Figure 9.

Possible role of the cofilin phosphocycle in InlB- induced phagocytosis. (A) Interaction of InlB with its receptors triggers actin polymerization and formation of the phagocytic cup. This step involves recruitment of (1) the Arp2/3 complex (open circles), which promotes actin nucleation and branching of the filaments, and (2) ADF/cofilin (closed circles), which stimulates actin dynamics by severing actin filaments, creating new ends that allow actin polymerization, and by depolymerizing actin filaments, supplying new actin monomers. LIMK recruited at this step could prevent excessive depolymerization of the filaments by partly inactivating cofilin.
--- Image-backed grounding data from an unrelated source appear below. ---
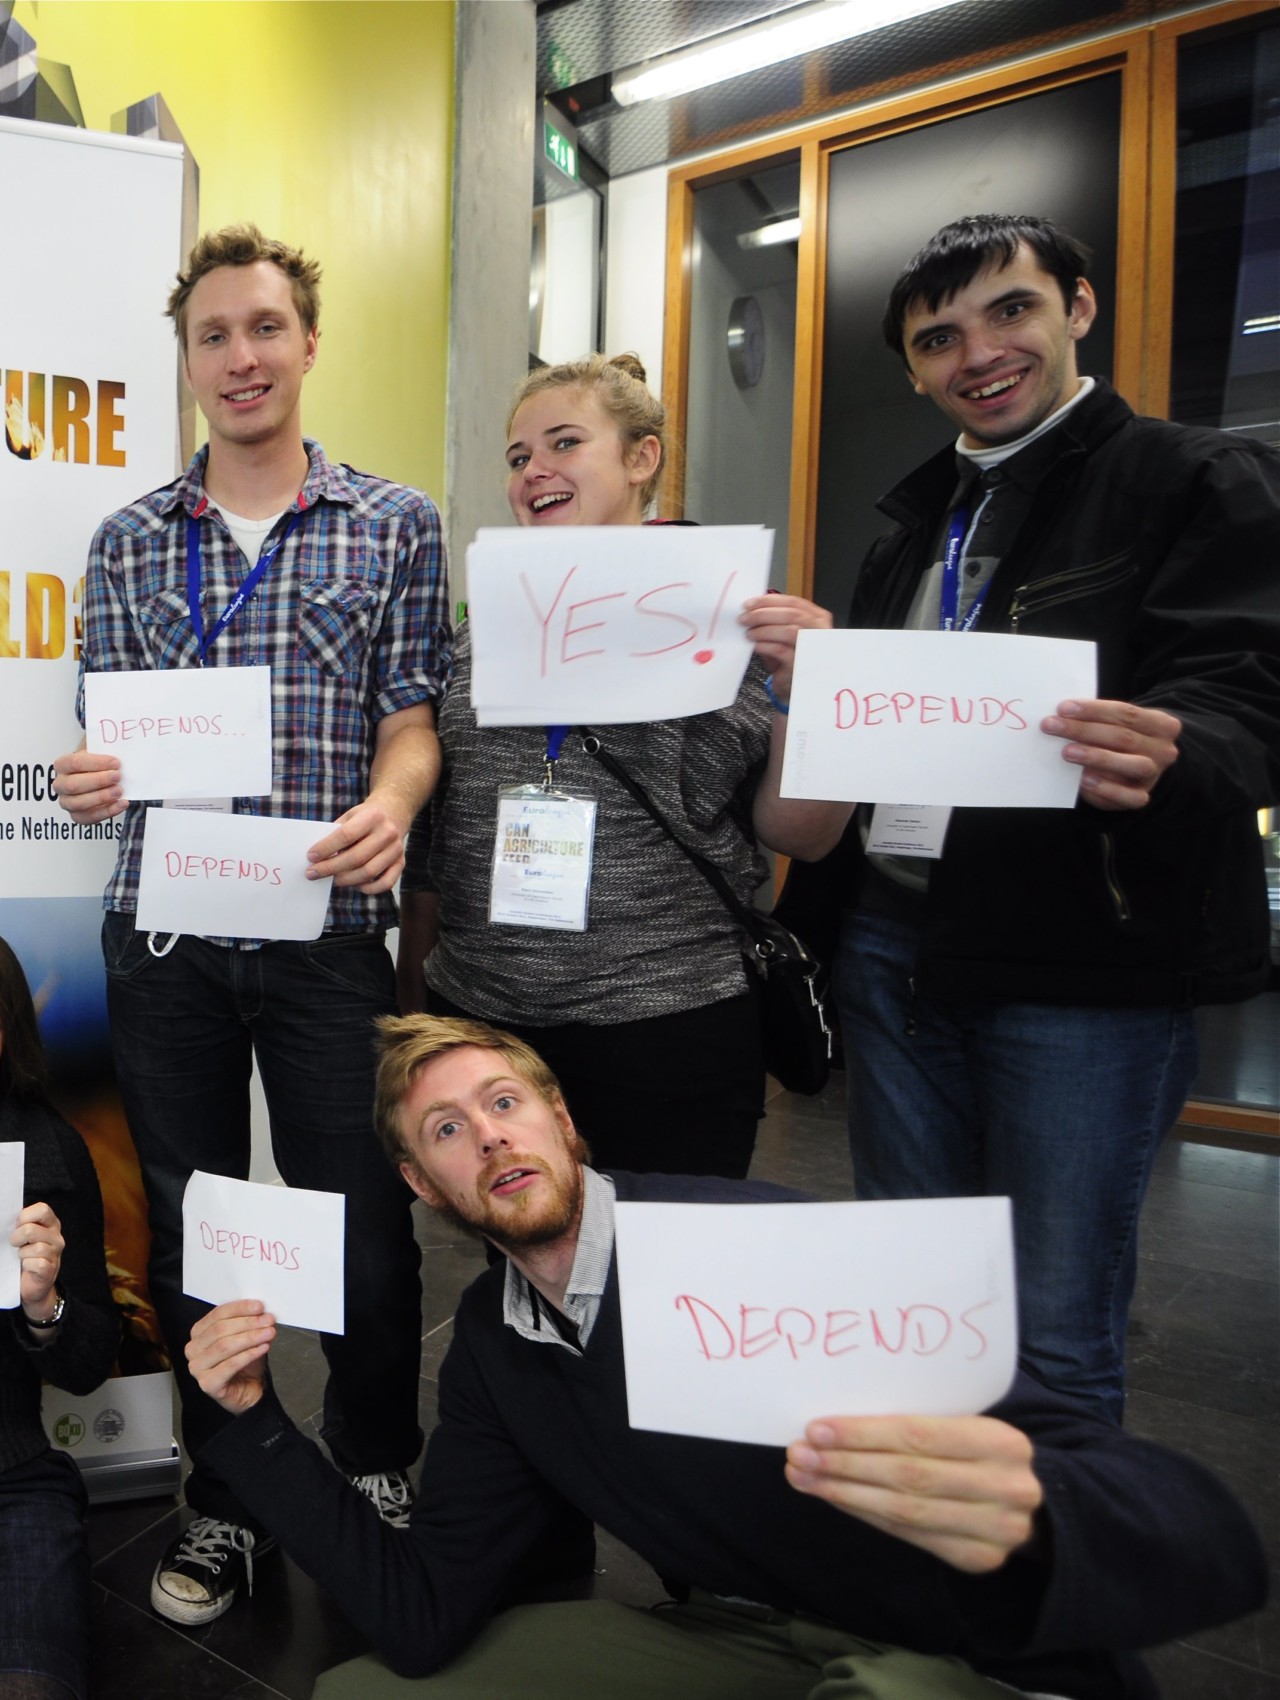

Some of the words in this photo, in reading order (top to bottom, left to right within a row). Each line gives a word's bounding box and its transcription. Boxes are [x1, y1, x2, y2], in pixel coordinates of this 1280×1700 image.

[519, 565, 738, 679] YES!
[833, 688, 1027, 730] DEPENDS
[21, 816, 123, 841] Netherlands
[165, 851, 282, 885] DEPENDS
[200, 1221, 300, 1270] DEPENDS
[675, 1294, 993, 1361] DEPENDS
A phosphatase could reactivate cofilin, which would finally accumulate on the filaments, thereby increasing its activity and facilitating the disruption of the F-actin network in the phagocytic cup. (B) Inhibition of endogenous LIMK by expressing the dominant negative LIMK1⁻ or expression of the nonphophorylatable S3A mutant would lead to an excessive activity of cofilin, resulting in increased filament disassembly and abortion of the actin cup formation. (C) Overexpressing LIMK1 would increase cofilin phosphorylation, leading to the inhibition of its actin depolymerizing activity and inducing the formation of a rigid structure beneath the entering particles made of a thick filament network. These events would prevent the engulfment of the particle into the cell, resulting in the inhibition of the phagocytic cup closure.